REQUIRED WORK: Print out the data exactly, keeping every image out of it.

INPUT RECORDS:
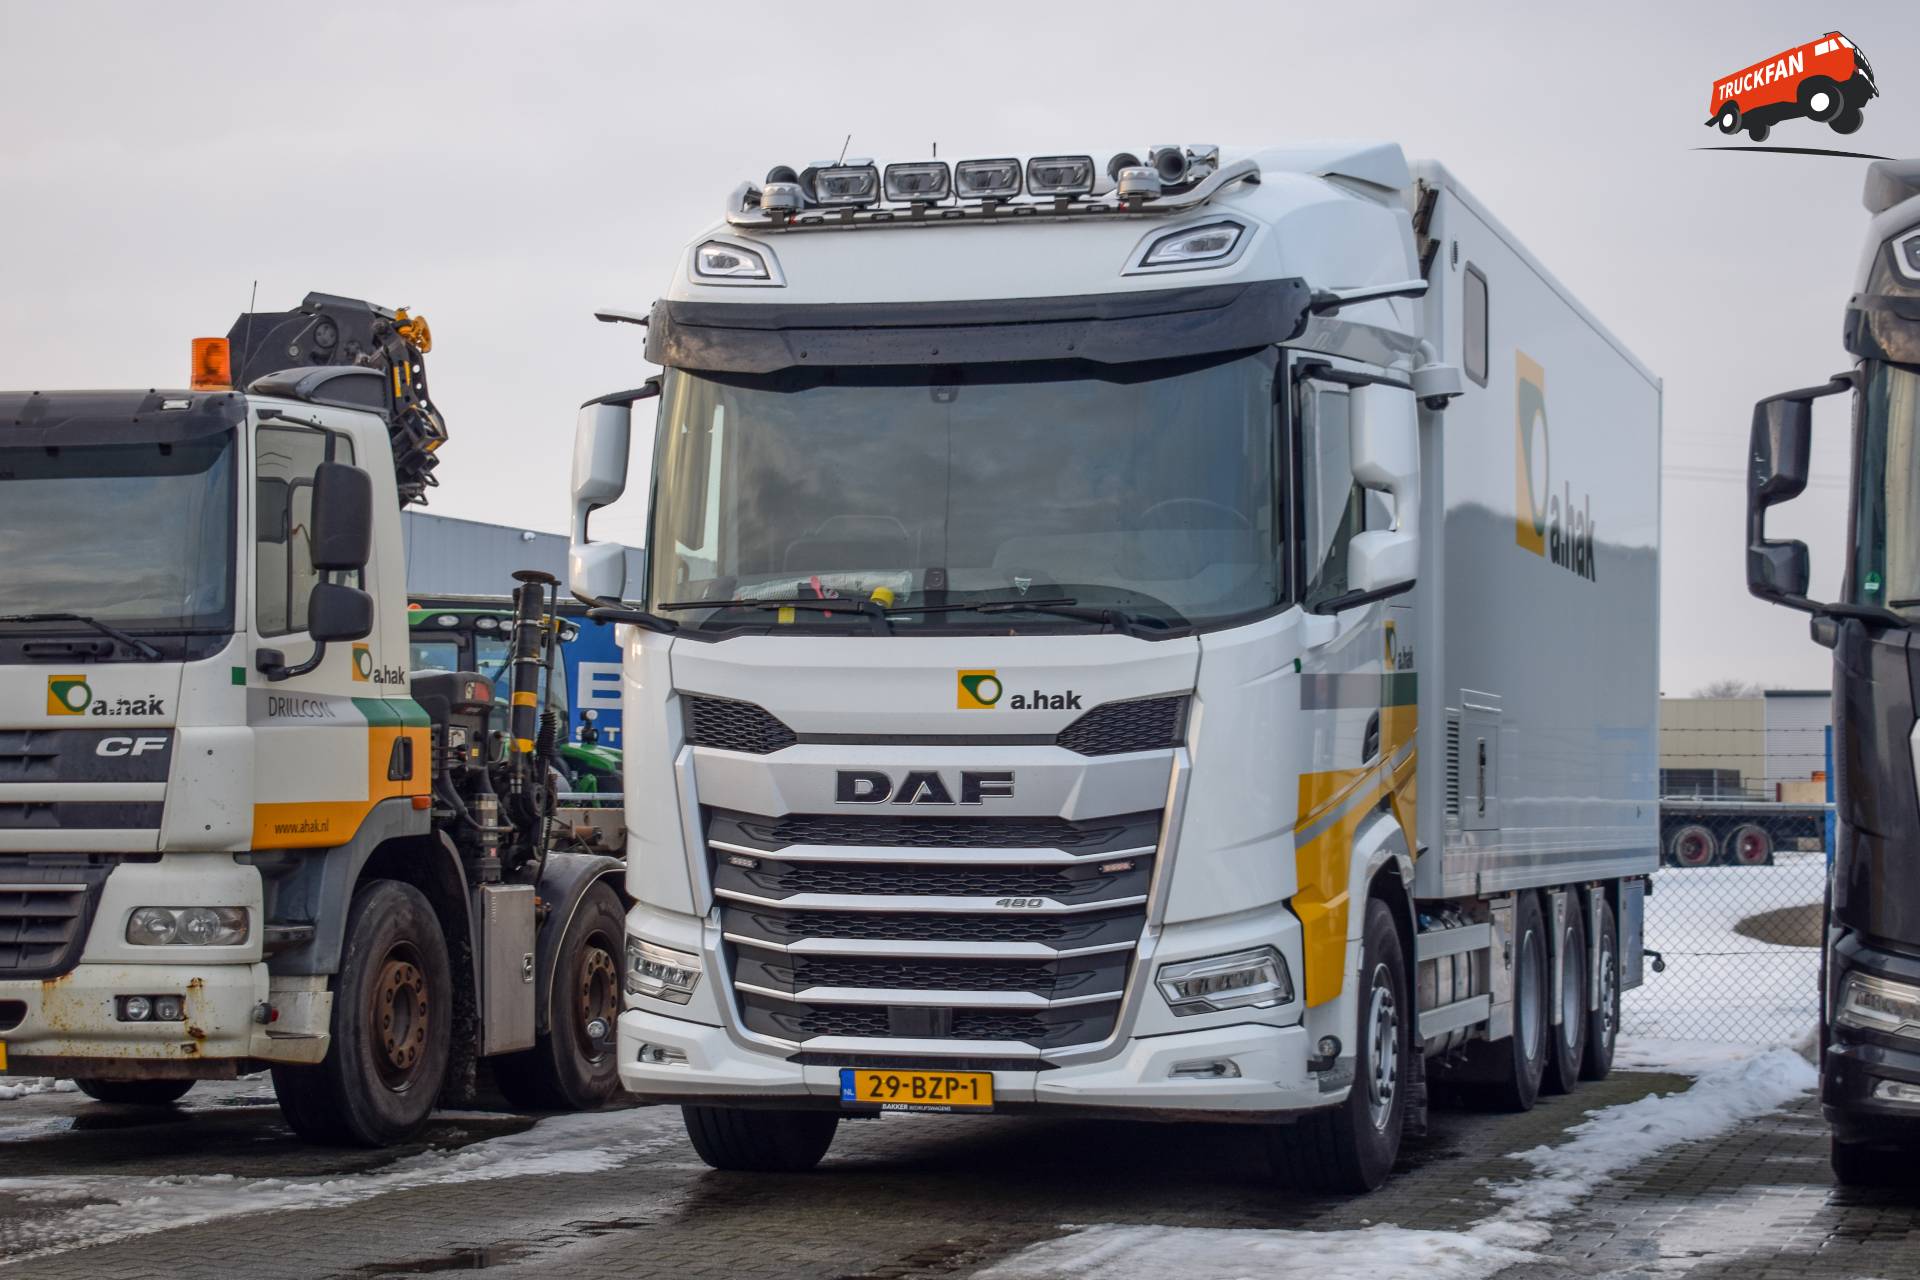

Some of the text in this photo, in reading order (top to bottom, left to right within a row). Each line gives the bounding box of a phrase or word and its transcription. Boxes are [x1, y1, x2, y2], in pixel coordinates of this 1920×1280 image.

[374, 665, 405, 684] a.hak
[1011, 690, 1082, 710] a.hak
[96, 737, 168, 757] CF
[835, 770, 1015, 805] DAF
[274, 819, 329, 834] www.ahak.nl
[996, 898, 1043, 908] 480
[843, 1075, 978, 1100] NL 29-BZP-1

EXERCISE SOLUTION:
Some of the text in this photo, in reading order (top to bottom, left to right within a row). Each line gives the bounding box of a phrase or word and its transcription. Boxes are [x1, y1, x2, y2], in pixel coordinates of this 1920×1280 image.

[374, 665, 405, 684] a.hak
[1011, 690, 1082, 710] a.hak
[96, 737, 168, 757] CF
[835, 770, 1015, 805] DAF
[274, 819, 329, 834] www.ahak.nl
[996, 898, 1043, 908] 480
[843, 1075, 978, 1100] NL 29-BZP-1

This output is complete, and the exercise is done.